Action item -
Exact wording is required for every entry; transcribe all of them and leave the images out.

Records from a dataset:
= = = =
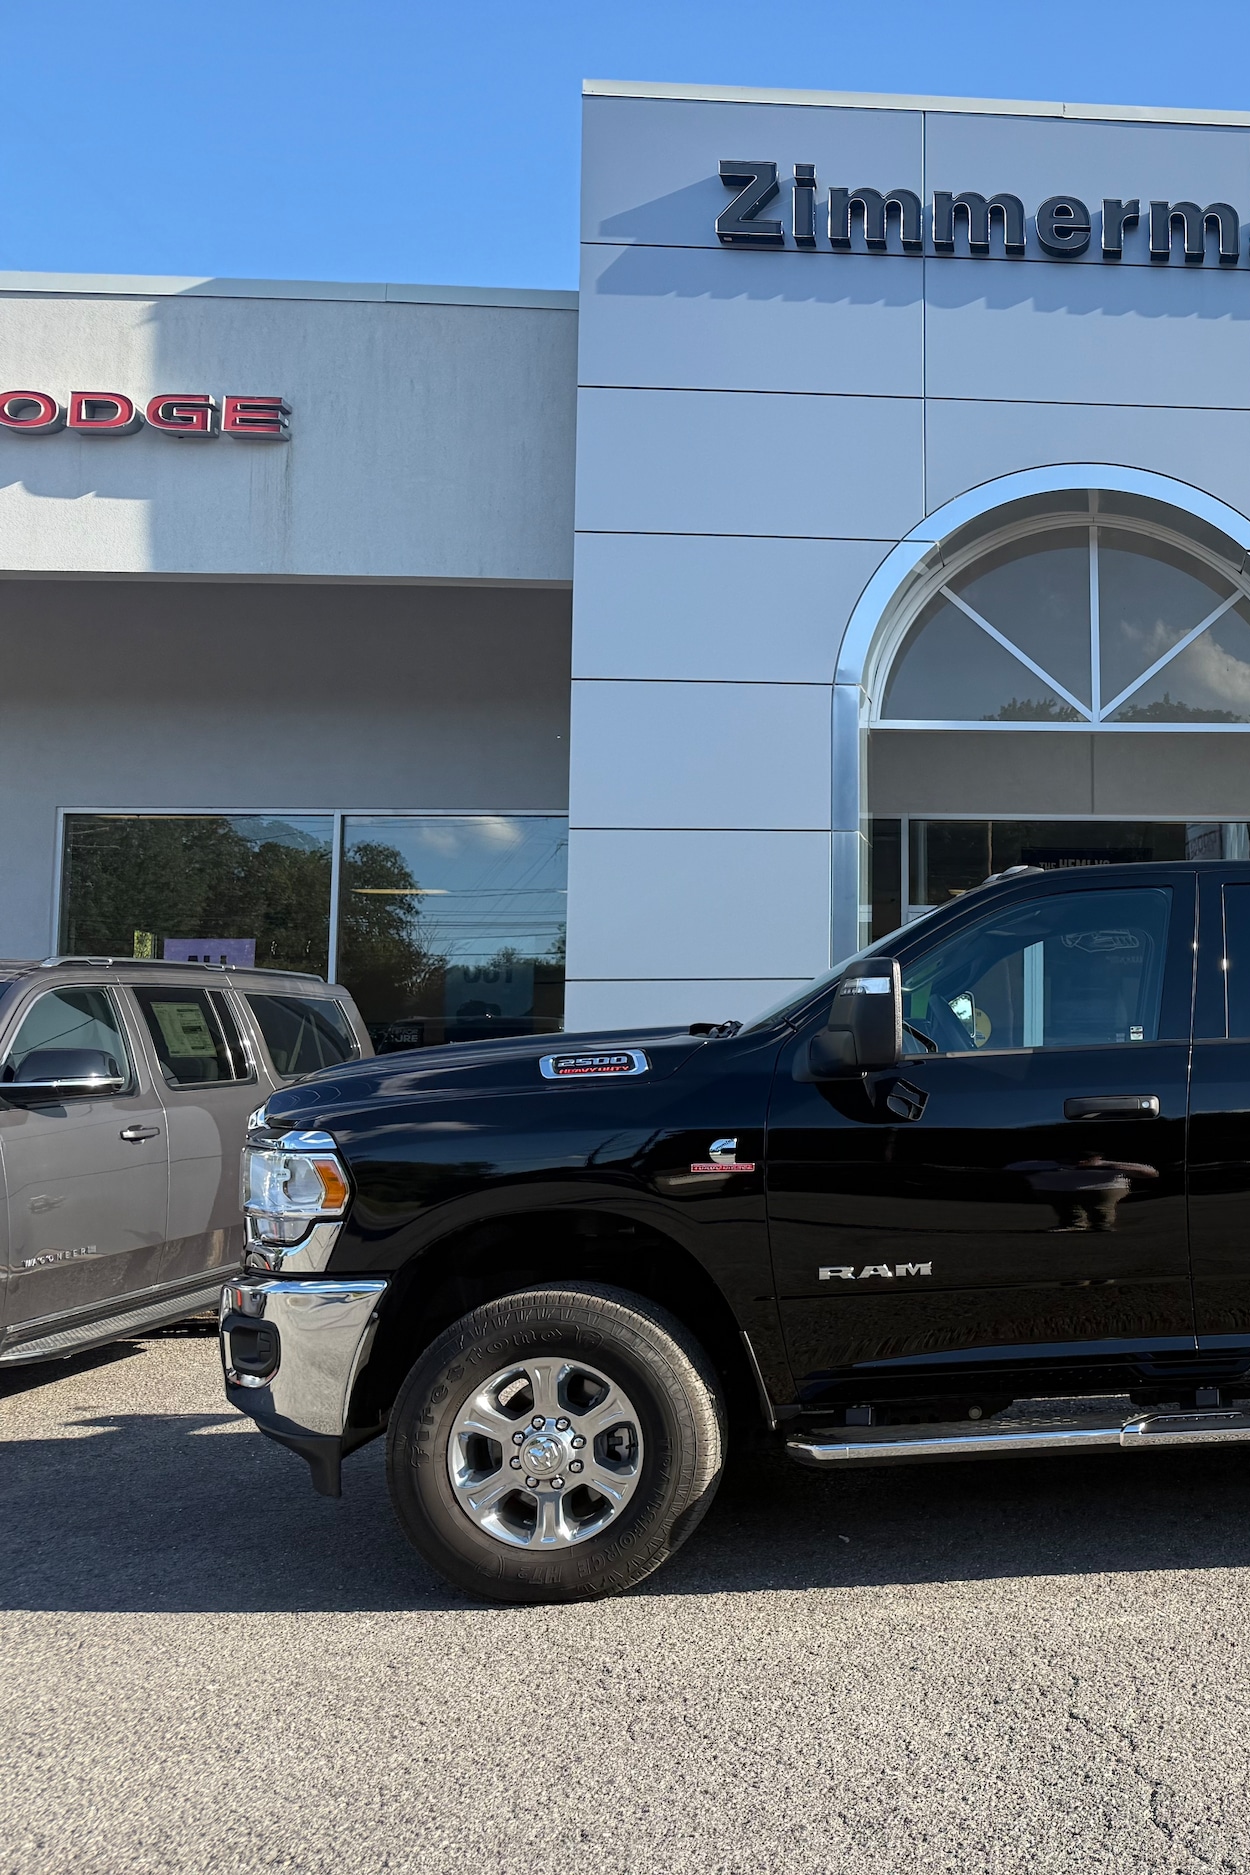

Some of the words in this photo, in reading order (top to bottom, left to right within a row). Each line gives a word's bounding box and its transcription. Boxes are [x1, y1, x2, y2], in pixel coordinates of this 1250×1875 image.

[0, 390, 292, 441] ODGE
[557, 1056, 629, 1067] 2500
[818, 1261, 933, 1281] RAM
[409, 1327, 564, 1469] Firestone
= = = =
Task result -
Some of the words in this photo, in reading order (top to bottom, left to right within a row). Each line gives a word's bounding box and its transcription. Boxes are [x1, y1, x2, y2], in pixel coordinates of this 1250×1875 image.

[0, 390, 292, 441] ODGE
[557, 1056, 629, 1067] 2500
[818, 1261, 933, 1281] RAM
[409, 1327, 564, 1469] Firestone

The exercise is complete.